哺乳动物干扰素分为Ⅰ型和Ⅱ型干扰素,Ⅰ型干扰素又主要包括IFN-α、IFN-β、IFN-ω和IFN-τ,他们具有相似的结构并享用同一类受体。前三种主要是对病毒感染的应答产生的,能诱导机体产生抗病毒蛋白。Ⅱ型干扰素又称免疫干扰素,即IFN-γ,是由活化的T淋巴细胞在诱生剂的作用下产生的,与Ⅰ型干扰素不享用同一类受体,对免疫***有调节作用,是哺乳动物主要的巨噬细胞活化因子。IFN-α主要来源于B淋巴细胞、巨噬细胞和NK细胞;IFN-β主要来源于成纤维细胞和上皮细胞,部分来源于巨噬细胞;IFN-γ则主要由T淋巴细胞产生,在一定条件下也可由NK细胞产生。鸡及其他禽类干扰素***与哺乳动物干扰素***相类似,也分为Ⅰ型干扰素和Ⅱ型干扰素,现已发现鸡Ⅰ型干扰素包括IFN-α、IFN-β,Ⅱ型包括IFN-γ,目前在禽类中尚未发现IFN-ω和IFN-τ。
干扰素的相对分子质量小,鸡干扰素分子量为20~34KD的蛋白质,具有蛋白质通性,对热稳定,2-8℃可保存很长时间,20℃可长期保存其活性,56℃则被破坏,pH2~10范围内干扰素不被破坏,易被核酸酶中和,可被蛋白酶灭活。自然干扰素为一种糖蛋白,经除去糖分后,并不影响干扰素的抗病活性。干扰素作用广谱,对多种病毒甚至细菌均有抑制作用,但抑制力表现不同;抑制作用通常表现种属特异性,即某一种属细胞产生的IFN只能作用于相同种属的其它细胞,使其获得免疫力,而对异种细胞没有保护作用,但个别种属之间存在着交叉活性。

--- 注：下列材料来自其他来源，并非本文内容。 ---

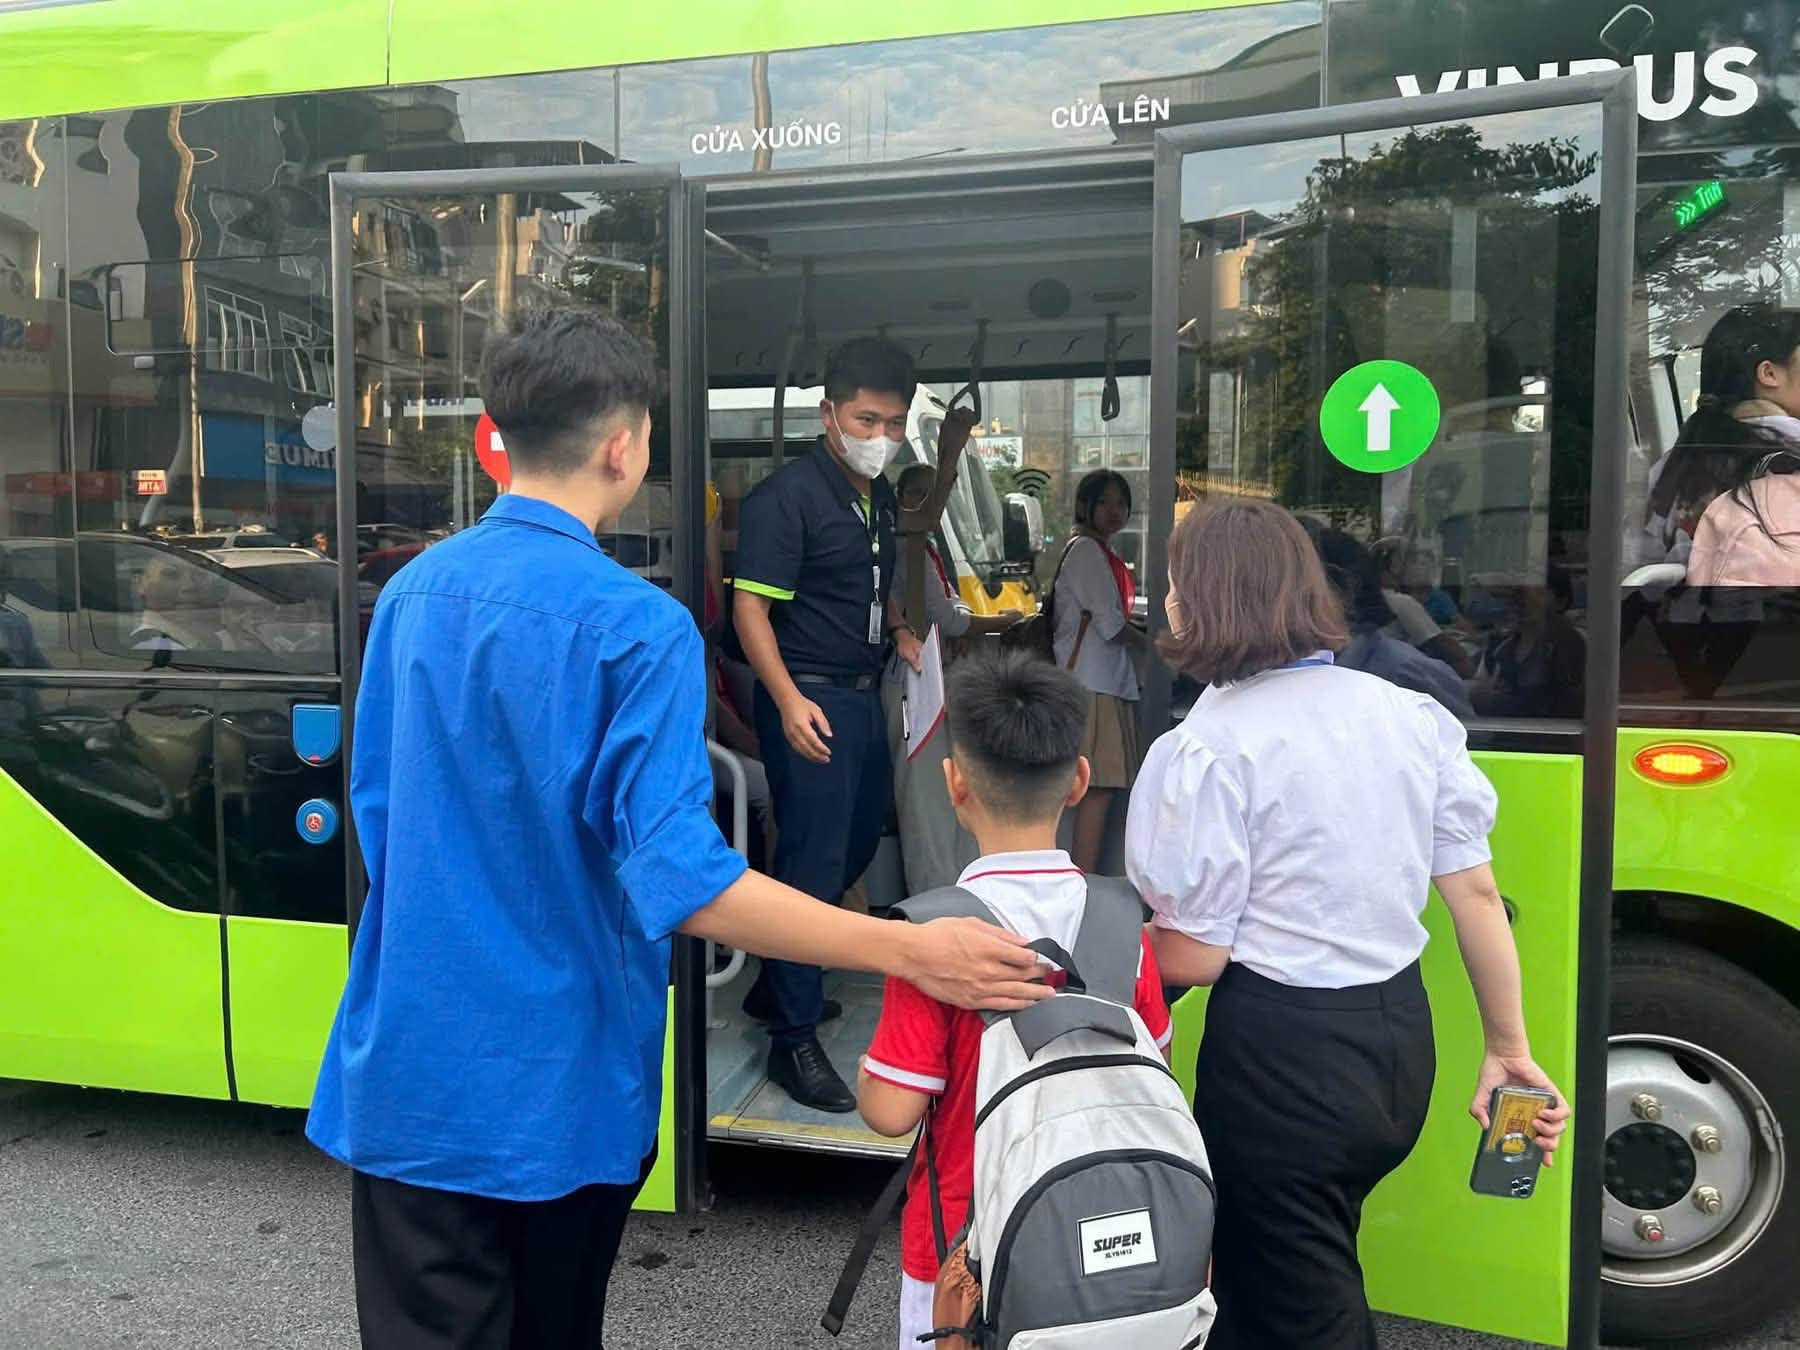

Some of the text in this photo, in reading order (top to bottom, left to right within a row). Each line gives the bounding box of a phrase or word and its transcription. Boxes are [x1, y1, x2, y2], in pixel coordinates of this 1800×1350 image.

[1051, 94, 1170, 128] CỬA LÊN
[691, 117, 841, 154] CỬA XUỐNG
[1093, 1231, 1142, 1253] SUPER

鸡干扰素α全基因为582个碱基,编码193个氨基酸,其中前31个氨基酸为信号肽,后162个氨基酸为成熟蛋白,蛋白分子量约为19kDa。Sekellick等于1994年首次成功克隆和表达了ChIFN2α基因,并进行了结构分析。国内学者汪明等2000年克隆表达了肉鸡IFNα基因;同年,夏春等克隆了惠阳胡须鸡和丝羽乌骨鸡IFNα基因。
干扰素自1957年被发现以来,陆续证实它具有抗病毒、抗肿瘤、抗寄生虫感染、免疫调节、免疫佐剂、影响细胞凋亡等作用。Ⅰ型干扰素主要表现为抑制病毒复制,抑制细胞增殖,加强NK细胞杀伤病毒感染细胞的能力,增强MHCⅠ类分子的表达而抑制MHCⅡ类分子的表达。Ⅱ型干扰素又称免疫干扰素,抗病毒活性较Ⅰ型低,但它的免疫调节和抗细胞增殖的作用较强,它是一种强的巨噬细胞、NK细胞、血管内皮细胞活化剂,能激活巨噬细胞并促进其活性;能直接作用于T和B淋巴细胞,促进分化;能增强MHCⅠ类分子和MHCⅡ类分子的表达。1999年Marcus等采用饮水给药的方法进行了重组ChIFN-α抗新城疫病毒(NDV)的研究,表明IFN抗病毒的显著效果。另外的研究结果表明,重组ChlFN-α对马立克氏病、传染性法氏囊病、传染性支气管炎、禽流感等病毒性疾病也具有良好效果,展现出广阔的应用前景。2004年,李风华等报道鸡基因工程IFN对新城疫、传染性法氏囊病、传染性支气管炎、马立克氏病等病毒病均有显著疗效。1999年Plachy等进行了鸡重组IFN防治RSV肿瘤的研究,结果表明高剂量的rGGIFN-α不仅可以抑制肿瘤,还可以使一些鸡的RSV肉瘤完全消失。1996年,Weining等研究表明,重组IFN在通过调控MHC类抗原表达发挥免疫调节功能方面表现出与哺乳动物的一致性。重组鸡α-干扰素(rChIFN-α)静脉注射4~6周龄SPF鸡,24h后采血分离淋巴细胞,通过流式细胞术测定不同时间外周血中CD4+和CD8+T淋巴细胞的百分率,结果显示,rChIFN-α可以在48~72h内明显提高CD4+T淋巴细胞的百分率,证明rChIFN-α具有显著的免疫调节作用。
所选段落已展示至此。